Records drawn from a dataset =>
• • •

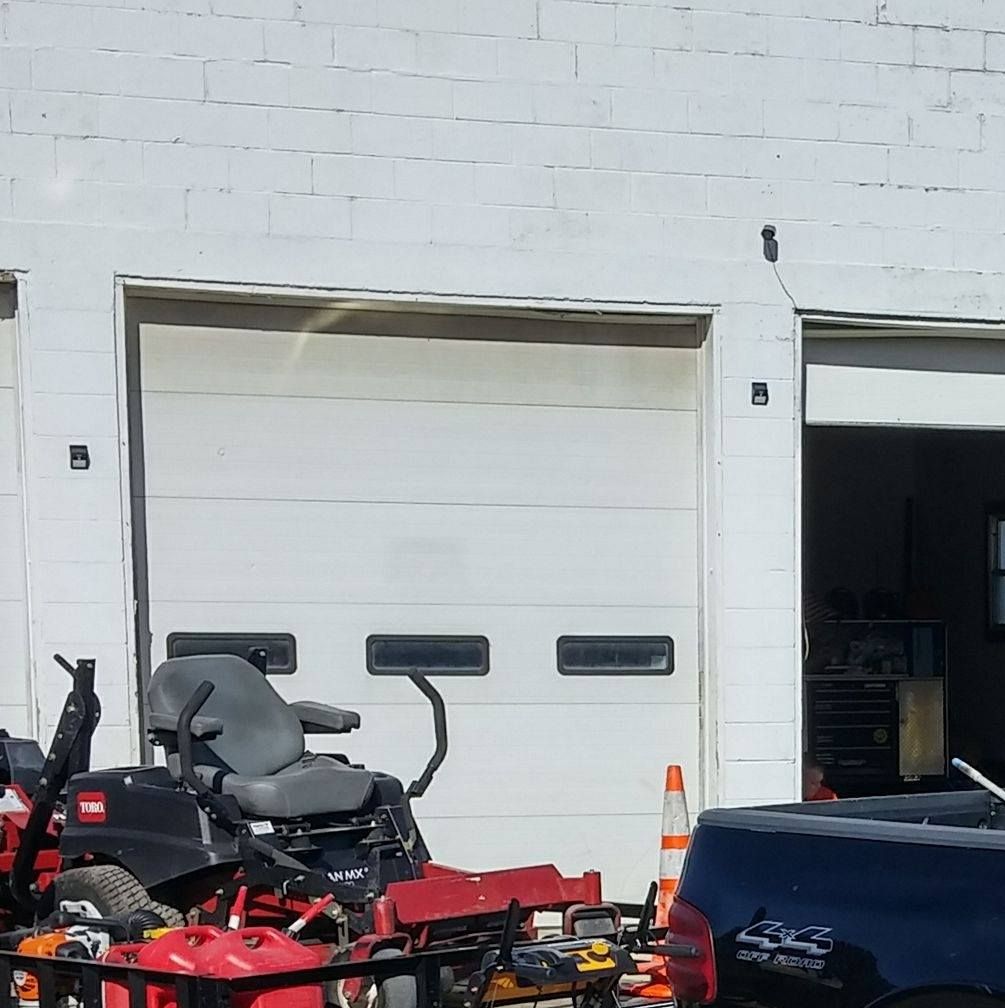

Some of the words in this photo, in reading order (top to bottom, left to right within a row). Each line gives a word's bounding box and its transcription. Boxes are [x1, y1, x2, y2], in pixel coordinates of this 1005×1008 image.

[80, 801, 105, 813] TORO
[736, 950, 771, 962] OFF
[773, 954, 825, 969] ROAD
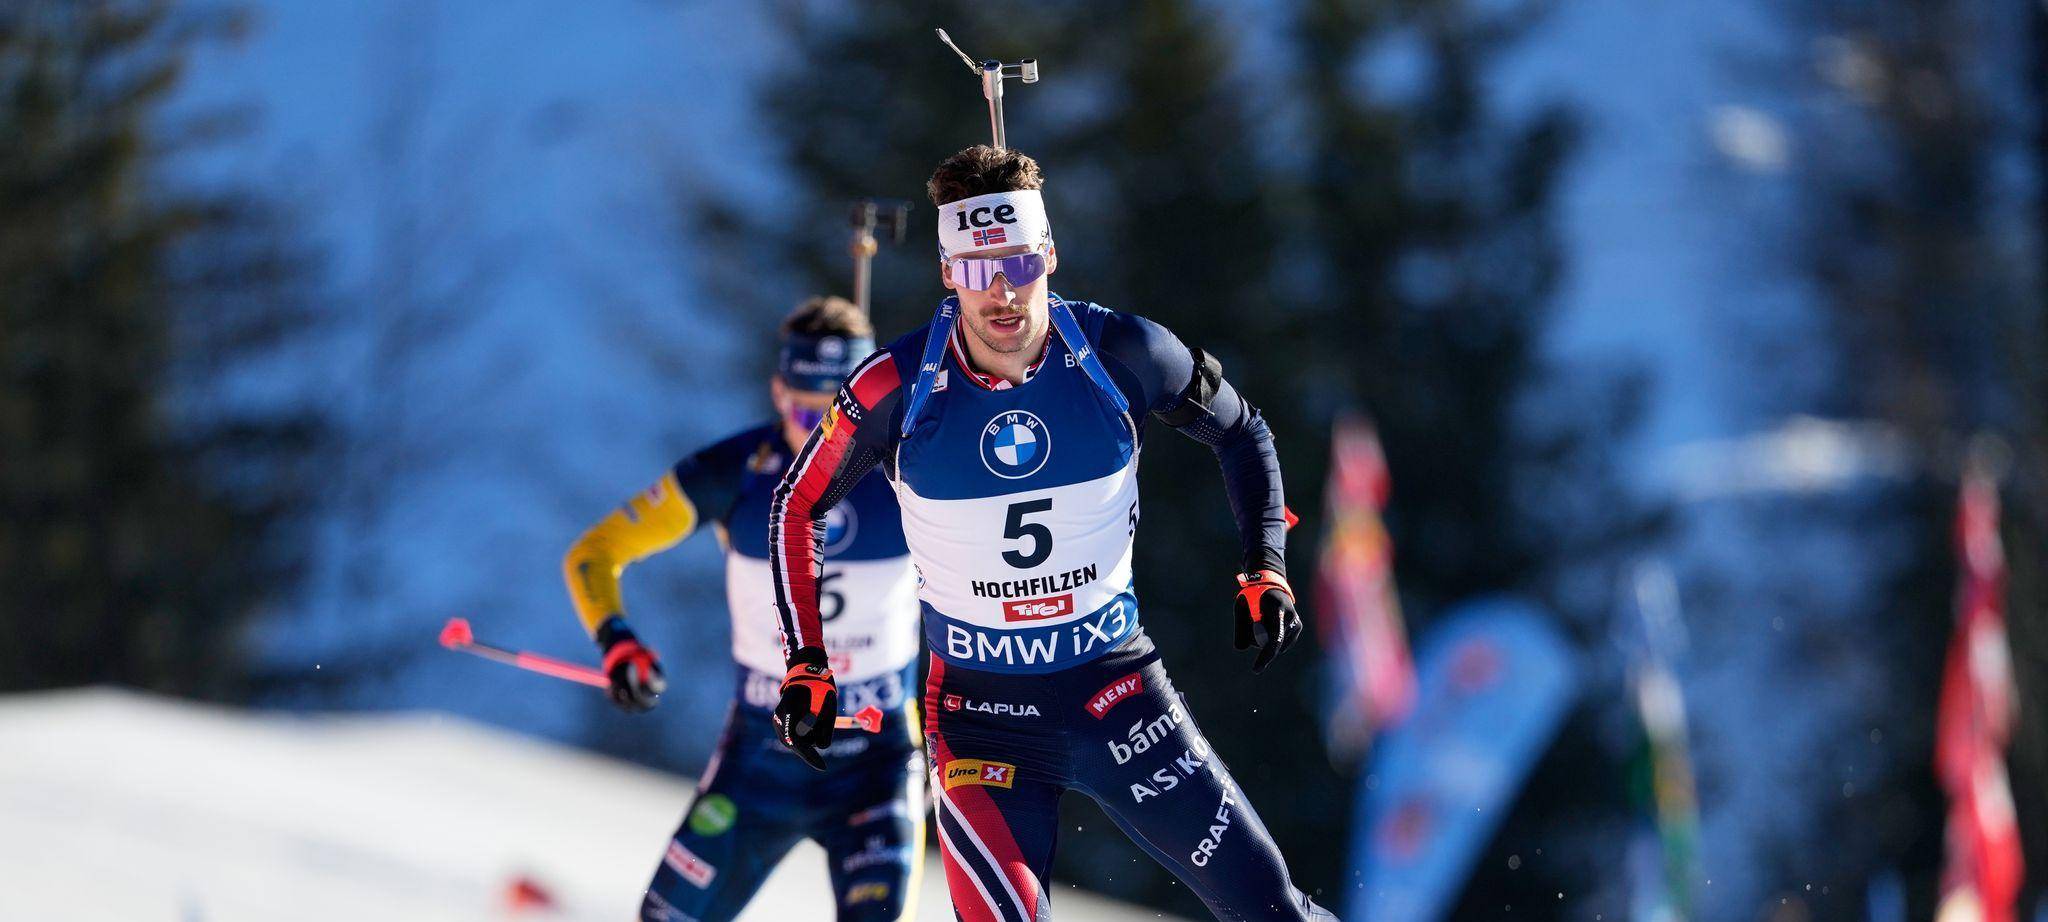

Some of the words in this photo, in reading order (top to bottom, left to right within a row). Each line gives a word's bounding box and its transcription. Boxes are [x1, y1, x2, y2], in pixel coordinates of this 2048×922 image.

[957, 204, 1017, 231] ice
[987, 413, 1039, 436] BMW
[1001, 497, 1053, 569] 5
[971, 562, 1098, 599] HOCHFILZEN
[946, 623, 1060, 665] BMW
[1072, 600, 1128, 657] iX3
[965, 699, 1042, 717] LAPUA
[1092, 678, 1138, 713] MENY
[948, 767, 978, 779] Uno
[984, 766, 1007, 782] X
[1190, 789, 1236, 868] CRAFT
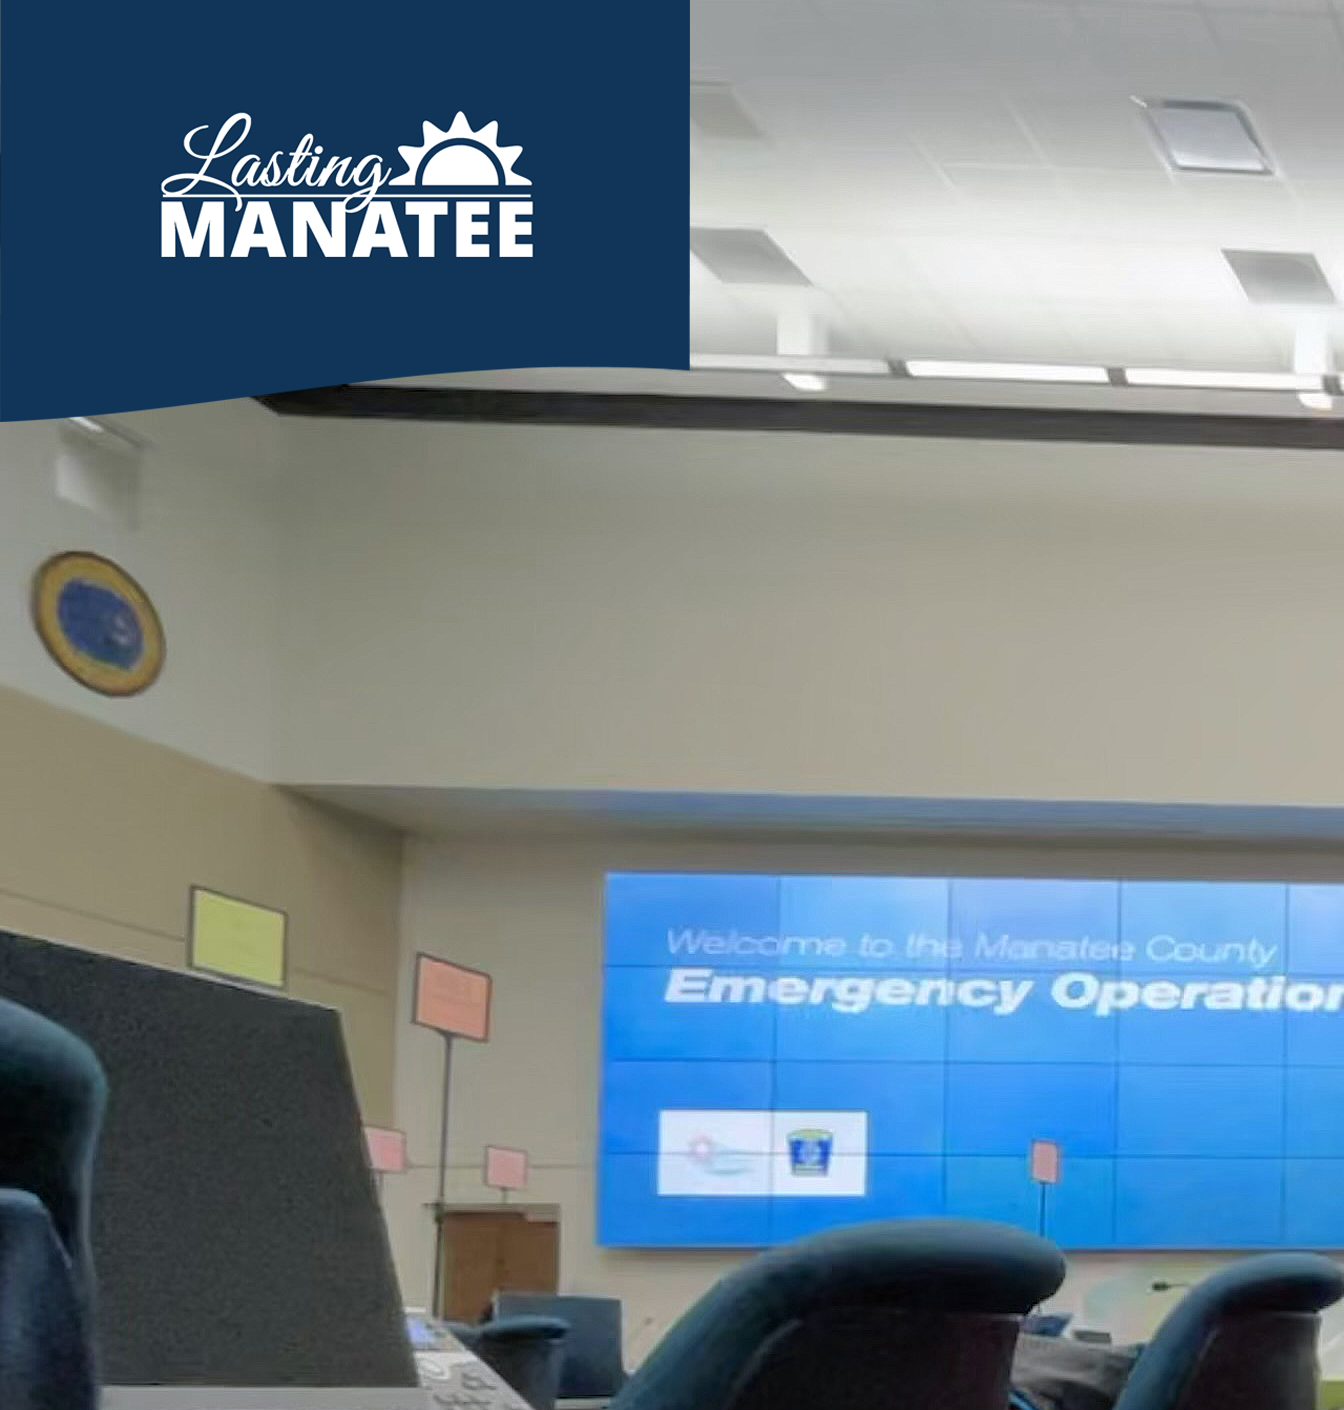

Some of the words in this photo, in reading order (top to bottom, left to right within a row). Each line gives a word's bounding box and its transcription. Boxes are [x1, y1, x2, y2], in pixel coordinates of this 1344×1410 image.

[667, 927, 847, 956] Welcome
[858, 933, 894, 959] to
[906, 933, 963, 960] the
[974, 934, 1136, 961] Manatee
[1146, 934, 1278, 968] County
[665, 968, 1034, 1015] Emergency

• • •

Problem requirements =>
Please retype all the entries word for word, omitting the pictures.

Exercise output =>
Some of the words in this photo, in reading order (top to bottom, left to right within a row). Each line gives a word's bounding box and its transcription. Boxes are [x1, y1, x2, y2], in pixel coordinates of this 1005×1008 image.

[80, 801, 105, 813] TORO
[736, 950, 771, 962] OFF
[773, 954, 825, 969] ROAD

Some of the words in this photo, in reading order (top to bottom, left to right within a row). Each line gives a word's bounding box and its transcription. Boxes are [x1, y1, x2, y2], in pixel coordinates of this 2048×922 image.

[957, 204, 1017, 231] ice
[987, 413, 1039, 436] BMW
[1001, 497, 1053, 569] 5
[971, 562, 1098, 599] HOCHFILZEN
[946, 623, 1060, 665] BMW
[1072, 600, 1128, 657] iX3
[965, 699, 1042, 717] LAPUA
[1092, 678, 1138, 713] MENY
[948, 767, 978, 779] Uno
[984, 766, 1007, 782] X
[1190, 789, 1236, 868] CRAFT

Some of the words in this photo, in reading order (top to bottom, left to right within a row). Each line gives a word's bounding box and its transcription. Boxes are [x1, y1, x2, y2], in pixel coordinates of this 1344×1410 image.

[667, 927, 847, 956] Welcome
[858, 933, 894, 959] to
[906, 933, 963, 960] the
[974, 934, 1136, 961] Manatee
[1146, 934, 1278, 968] County
[665, 968, 1034, 1015] Emergency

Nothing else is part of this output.